April 18, 2018 | 2:30 pm - 4:00 pm

Join faculty members and graduate students discussing Prof. Jonathan Helm’s paper, coming from Arizona State University Carey School of Business, “Stalled progress and the role of operations in the next phase of readmission reduction.”
Abstract
In 2010, the United States spent $15 billion on hospital inpatient readmissions, prompting Medicare to institute a new penalty mechanism to incentivize hospital to “get it right the first time”.

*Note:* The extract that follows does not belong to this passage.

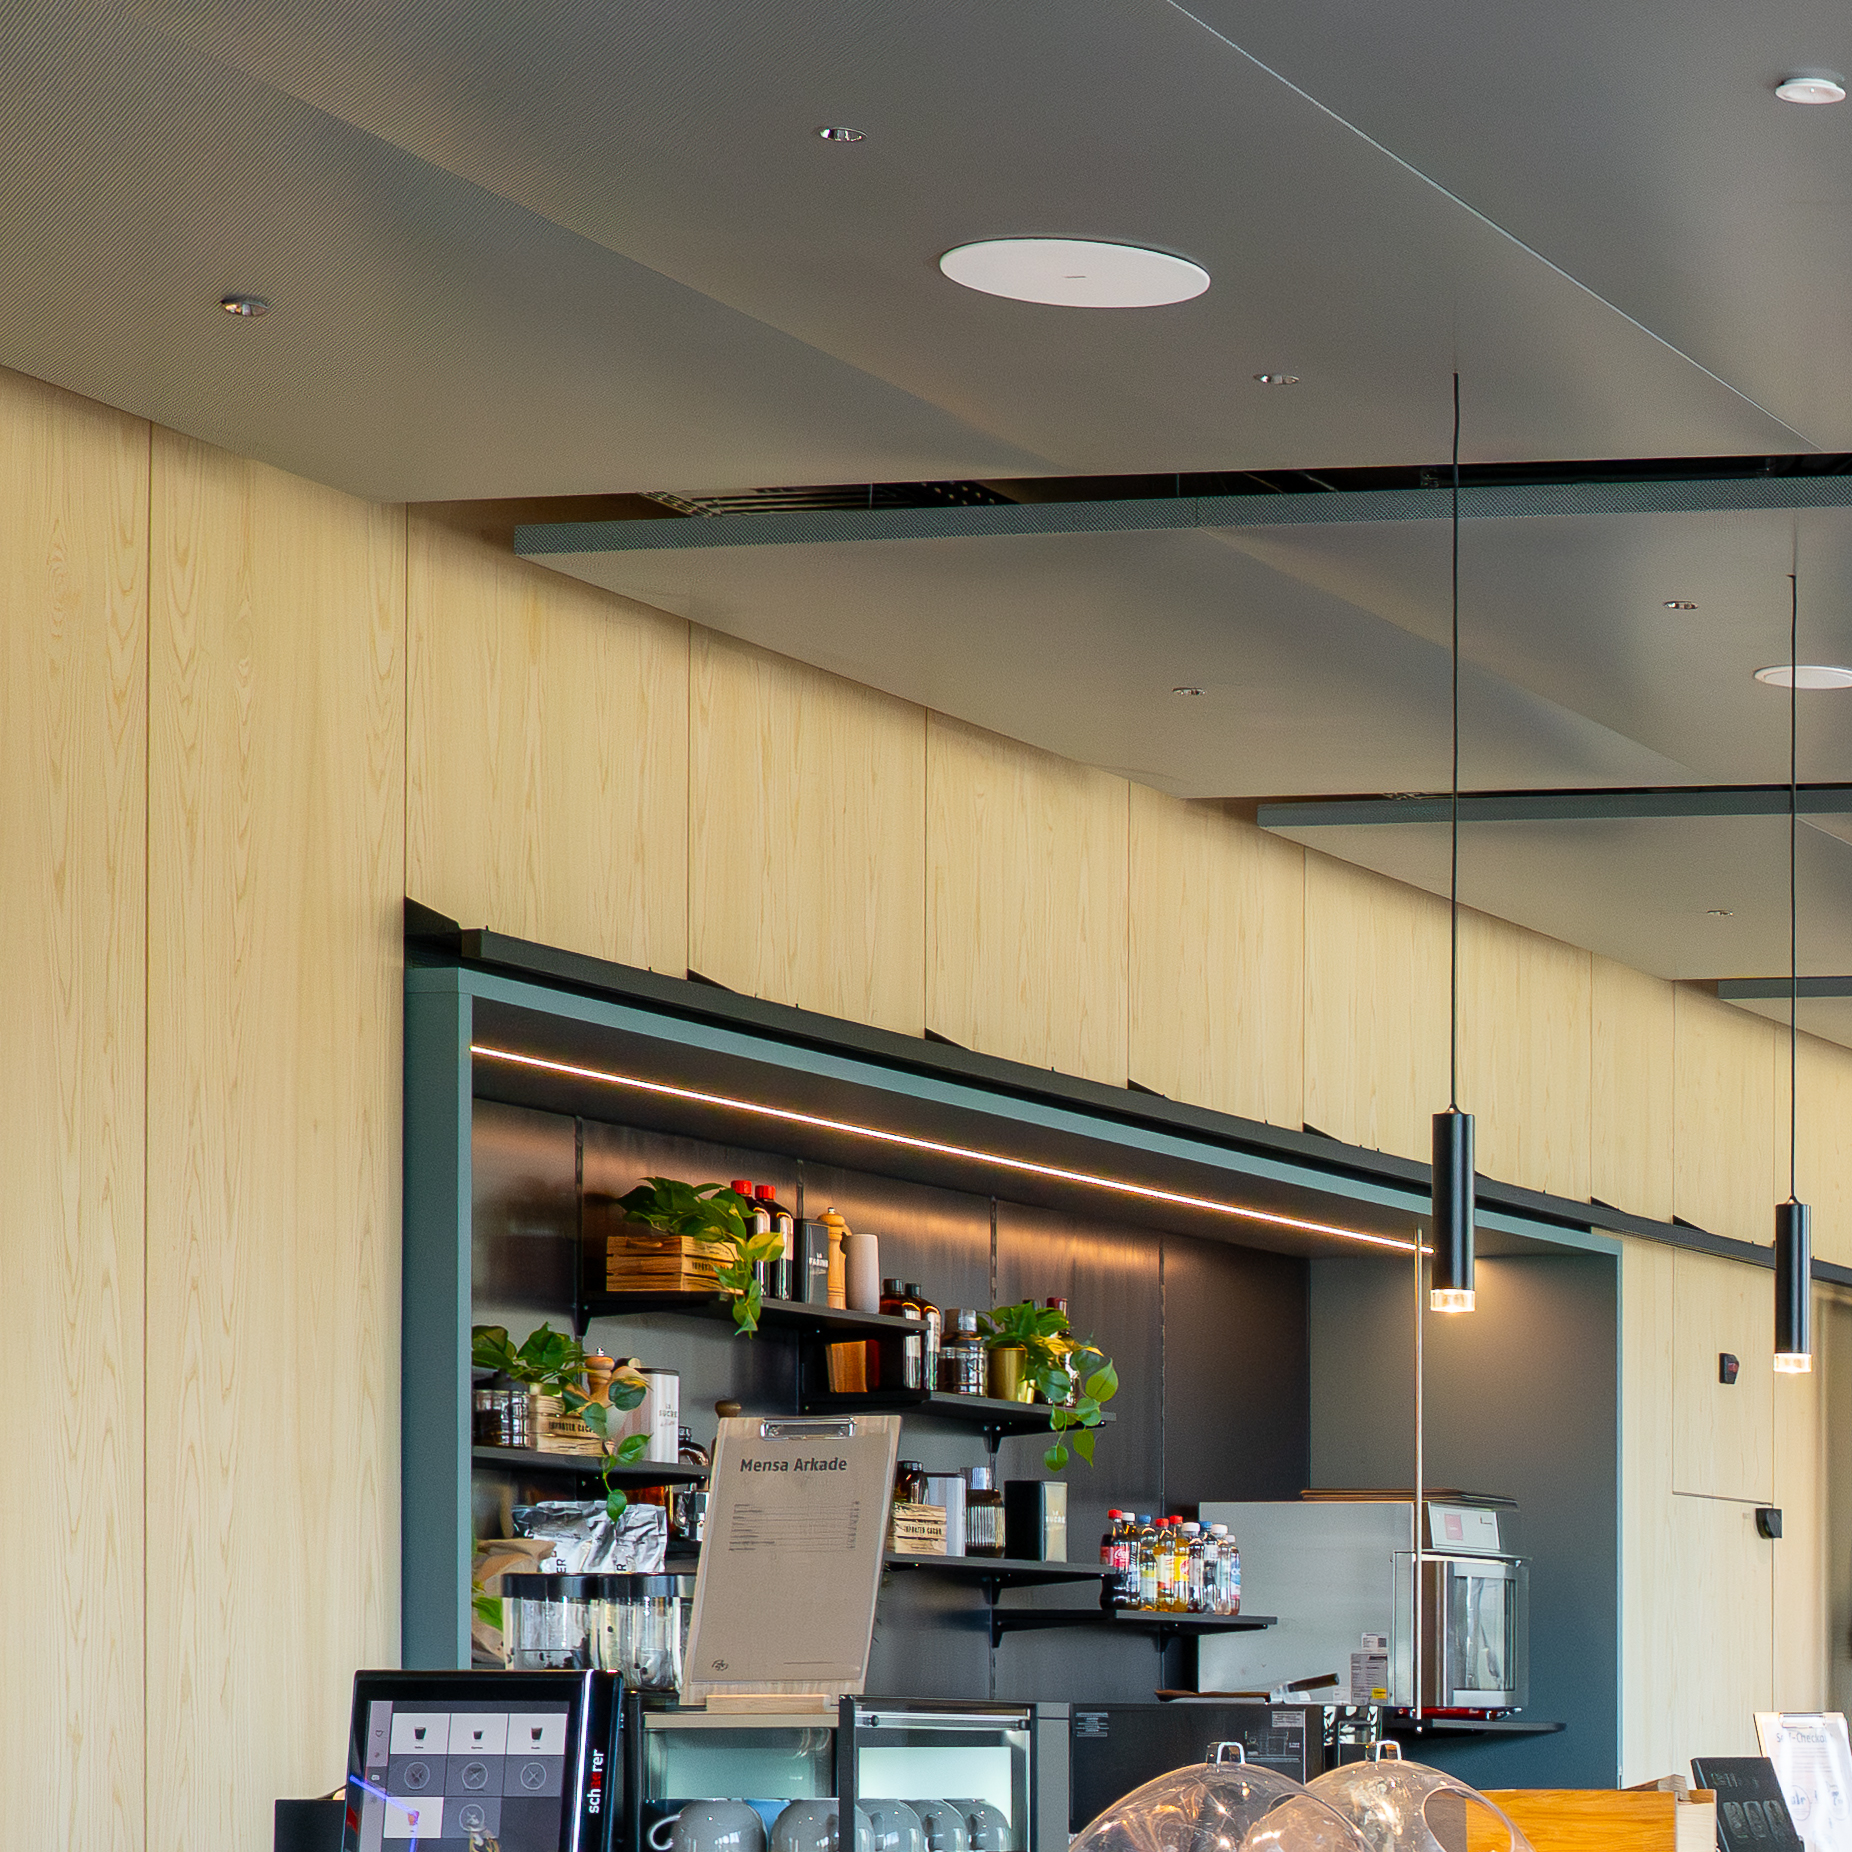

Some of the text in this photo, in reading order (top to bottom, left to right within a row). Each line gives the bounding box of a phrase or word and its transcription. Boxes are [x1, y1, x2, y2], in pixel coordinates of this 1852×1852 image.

[740, 1456, 847, 1472] Mensa Arkade
[589, 1749, 605, 1814] schaerer

It is estimated that over 2,500 hospitals in the US will receive penalties totaling over $500 million this year alone. Despite these significant penalties, introduced in 2012, along with new payment schemes that incentivize readmission reduction, the national cost of Medicare readmission grew to $25 billion in 2013, and $27 billion in 2015.
While some progress has been made to slow Medicare readmissions, a recent JAMA article indicates that readmission reduction has stalled to less than 0.1% improvement from 2013 to 2016 as executives came to realize that the cost of current readmission reduction practices can outweigh the penalties themselves. This is despite the fact that numerous studies show that up to 75% of readmissions may be preventable.
In this talk, I argue that hospitals are attacking the right triggers for readmission, but are doing so in a cost-inefficient manner, leading many to abandon readmission reduction programs and simply accept the penalties, as hypothesized in recent OM literature.  
I will begin by describing a longitudinal model of the patient’s health condition that extends classical models of machine maintenance. This model is used as a building block for the optimal design of post-discharge monitoring schedules (phone calls and office visits), with a brief discussion of staffing. The methods employed involve stochastic modeling and analysis and non-linear optimization. I will present some managerial insights for discharge planners and discuss the efficacy of the method in a case study of a high readmission patient group. Then I will briefly present some preliminary results from a pilot study at a partner hospital that demonstrates an average 19% reduction in readmission rate. I conclude the talk by discussing future directions for readmission research and the role of inpatient interventions and an ongoing partnership with a hospital to implement these new methods.